District Court Says TPS Beneficiary is Eligible to Adjust Status Under INA

AILA has released a district court ruling on an individual case that may have a larger impact on the handling of Temporary Protected Status (TPS) cases in the future.

In 1999, El Salvadorian Jesus Ramirez entered the US without inspection, admission, or being granted parole by an immigration officer. Following the 2001 earthquake disaster in El Salvador, the U.S. Attorney General designated El Salvador as a TPS qualifying country. Ramirez applied for TPS, disclosing his unlawful entry into the U.S. in the process, and was approved for protected status. He renewed his status as needed in the following years.

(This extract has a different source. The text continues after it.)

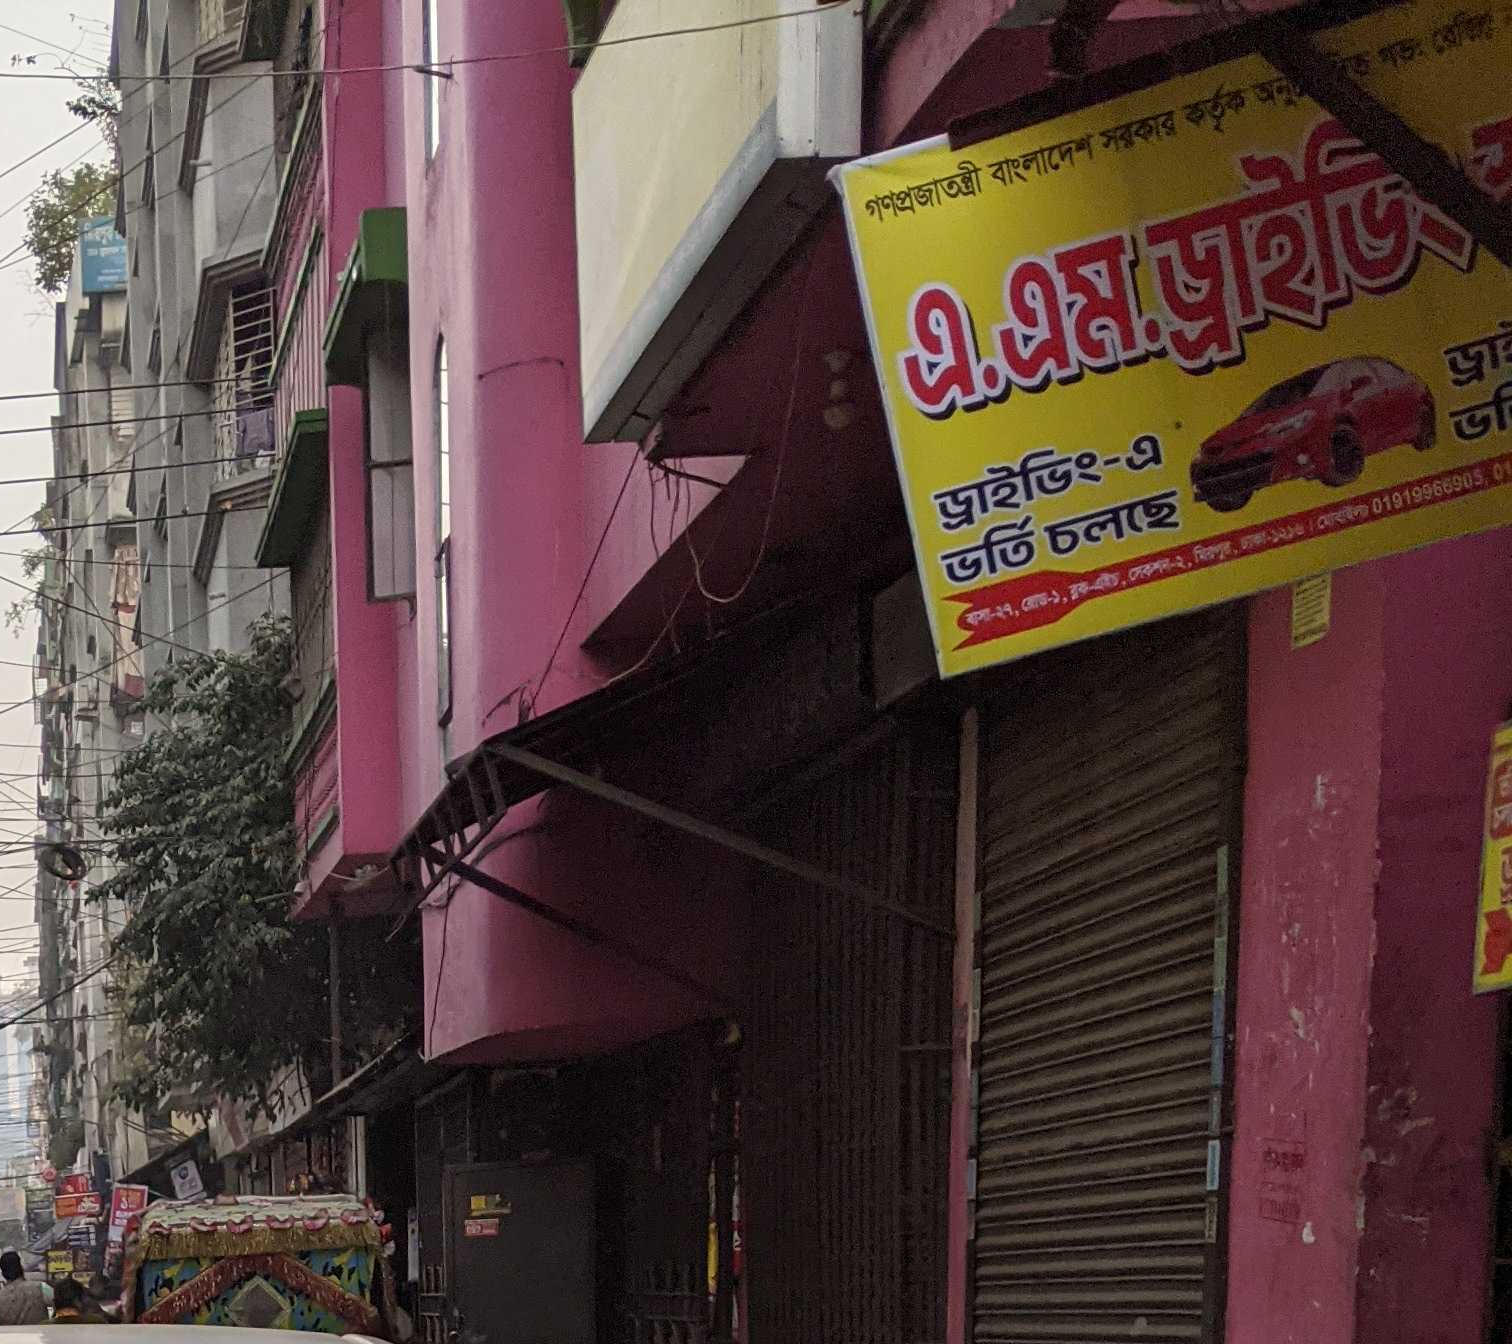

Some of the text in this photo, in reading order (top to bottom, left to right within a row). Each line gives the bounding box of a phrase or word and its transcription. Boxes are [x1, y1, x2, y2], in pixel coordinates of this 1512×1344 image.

[988, 135, 1094, 186] বাংলাদেশ
[1099, 110, 1176, 152] সরকার
[934, 434, 1163, 531] ড্রাইভিং-এ
[940, 489, 1181, 583] ভর্তি চলছে

In 2012, Ramirez married Barbara Lopez, an American citizen. Lopez filed a Form I-130 (Petition for Alien Relative) on Ramirez’s behalf, while Ramirez filed a Form I-485 application to adjust his status to that of a lawful permanent resident. USCIS initially denied the status adjustment on the grounds that Ramirez was not “inspected and admitted or paroled” at the time of his initial entry into the U.S. Ramirez and Lopez sought judicial review of the decision, and the district court handling the case found that Ramirez’s grant of TPS qualified as “inspection and admission” into the U.S. for purposes of obtaining lawful permanent residency.

 

Scialabba v Cuellar de Osorio

FoxnewsLatino.com reports that the Supreme Court ruled against Rosalina Cuellar de Osorio in the case concerning her son, who technically “aged-out” of his approved visa. In 1998, Cuellar de Osorio applied for a visa to join her mother in the US with her then thirteen-year-old son. After waiting over seven years for the approved visa, Cuellar de Osorio was informed that her son (now 21) would have to start his application over as an adult.

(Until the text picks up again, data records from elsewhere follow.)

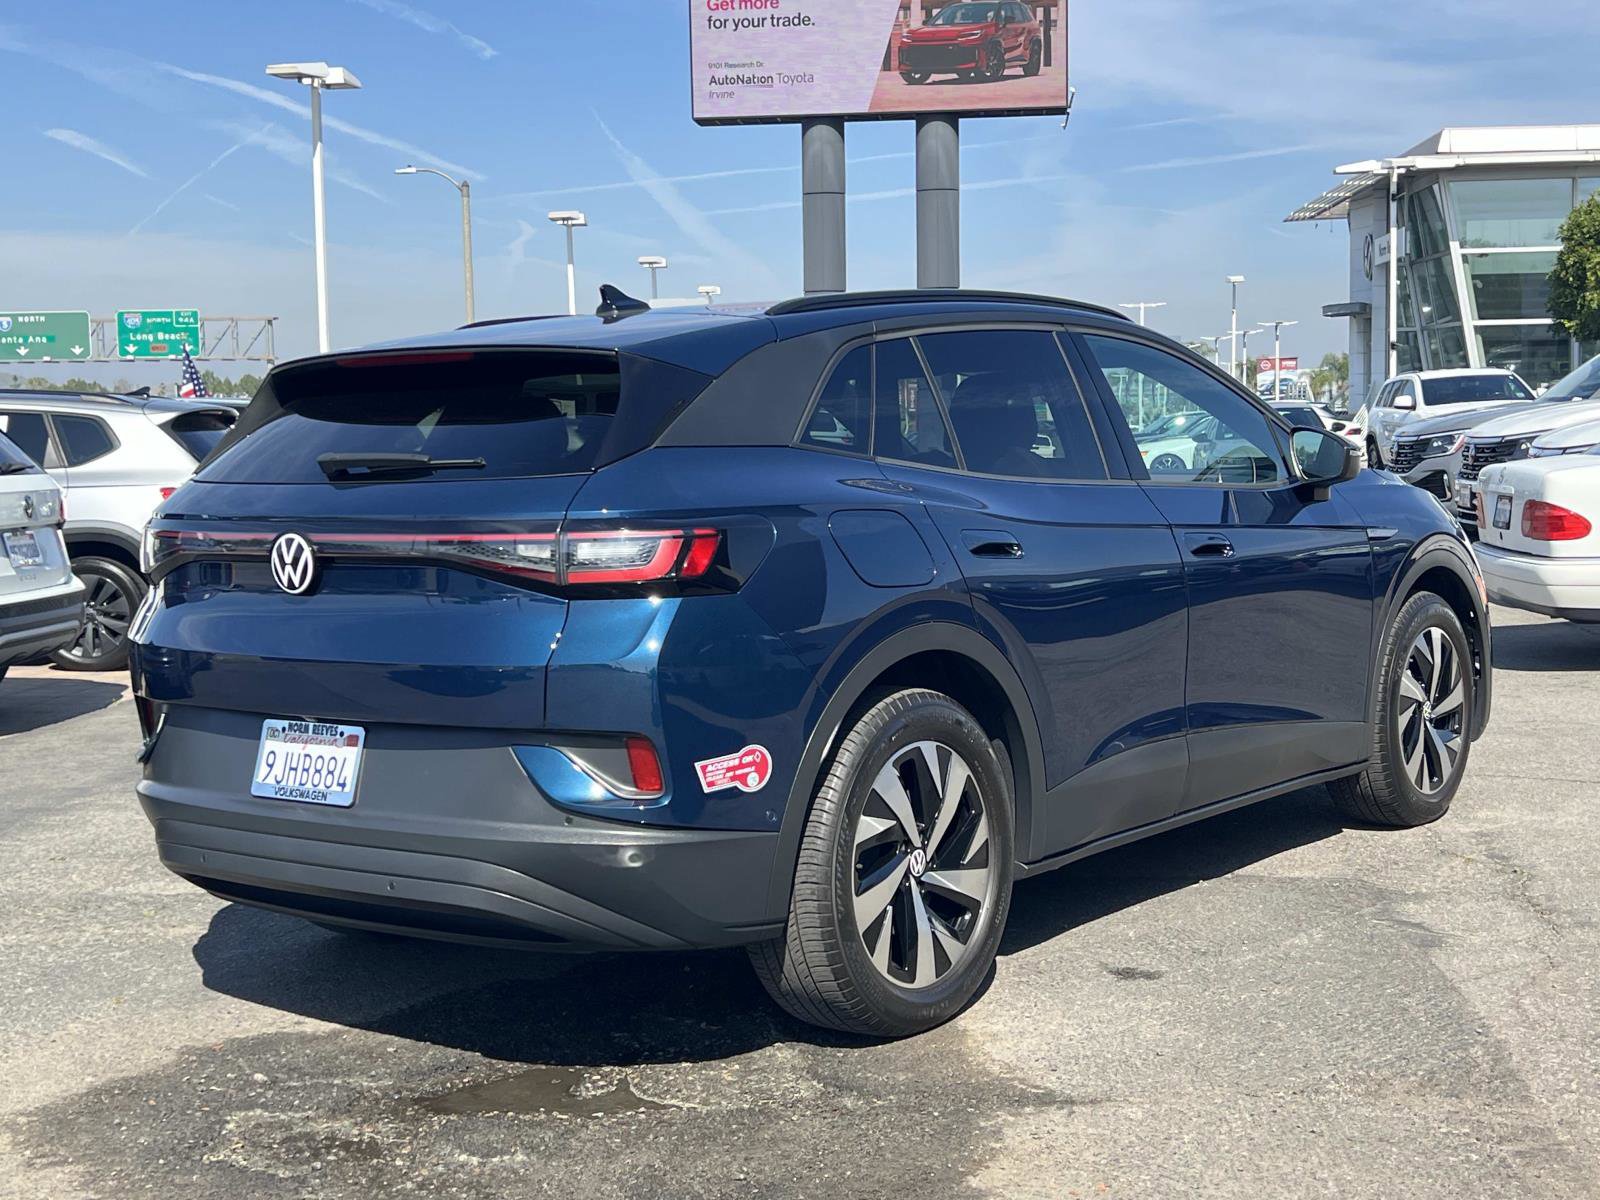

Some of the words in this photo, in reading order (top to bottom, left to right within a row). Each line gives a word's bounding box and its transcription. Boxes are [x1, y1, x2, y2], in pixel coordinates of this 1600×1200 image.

[707, 0, 735, 11] Get
[738, 0, 780, 10] more
[707, 15, 729, 29] for
[732, 16, 767, 32] your
[770, 12, 815, 28] trade.
[724, 61, 755, 69] Research
[709, 74, 774, 86] AutoNation
[776, 72, 814, 86] Toyota
[708, 90, 735, 99] Irvine
[17, 315, 46, 323] NORTH
[2, 320, 9, 330] 5
[0, 335, 24, 344] anta
[27, 335, 47, 344] Ana
[129, 332, 154, 343] Long
[287, 721, 310, 734] NORM
[312, 723, 339, 737] REEVES
[262, 750, 347, 792] 9JHB884
[274, 786, 328, 801] VOLKSWAGEN

Lawmakers proposed the 2002 Child Status Protection Act (CSPA) precisely for the purpose of keeping lawful immigrant families together even if a child “ages out” of his or her approved visa. The proposal was signed into law by former President George W. Bush. However, in Cuellar de Osorio’s case, a plurality of the Supreme Court determined CSPA to be “confusing and contradictory,” ultimately resulting in a ruling against Cuellar de Osorio and her son. A bipartisan group of lawmakers including Senators John McCain (R-AZ), Orrin Hatch (R-UT), Charles Schumer (D-NY), and Dianne Feinstein (D-CA) released a statement claiming that CSPA was meant to be interpreted broadly so as to help as many immigrant families as possible, but the Court read this “broad interpretation” as “ambiguity.” The Court deferred to immigration officials and came to the conclusion that Cuellar de Osorio’s son would indeed have to reapply for a visa as an adult.

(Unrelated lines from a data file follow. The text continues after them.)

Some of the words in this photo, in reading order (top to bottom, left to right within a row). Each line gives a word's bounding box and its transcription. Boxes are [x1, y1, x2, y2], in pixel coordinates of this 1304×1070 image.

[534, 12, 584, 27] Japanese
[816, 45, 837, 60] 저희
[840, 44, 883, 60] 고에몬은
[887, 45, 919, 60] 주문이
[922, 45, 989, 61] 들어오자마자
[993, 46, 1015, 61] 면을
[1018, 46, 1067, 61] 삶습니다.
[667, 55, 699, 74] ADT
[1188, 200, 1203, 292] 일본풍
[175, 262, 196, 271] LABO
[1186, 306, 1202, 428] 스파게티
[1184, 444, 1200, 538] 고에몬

A petition for a rehearing has been filed by Cuellar de Osorio was filed shortly after the decision was released based on a claim that the decision was based on a mistake. According to the brief (excerpted at LexisNexis – http://bit.ly/1xOyLs6):

The plurality’s decision in this case was based on a mistake that cuts to the heart of its analysis.
The plurality acknowledged that if an aged-out child could retain his original priority date without automatic conversion then the BIA “would have been required to” make priority date retention available to “every aged-out beneficiary of a family preference petition.” Slip op. 21; see also id. at 22 (identifying this as an “independent reason[]” “to overturn the Board’s judgment”). According to the plurality, however, “context compels” the conclusion that priority date retention and automatic conversion “work in tandem.” Id. at 29. In particular, the plurality pointed to its belief that, “[a]s far as we know, immigration law nowhere else allows an alien to keep in his pocket a priority date untethered to any existing valid petition.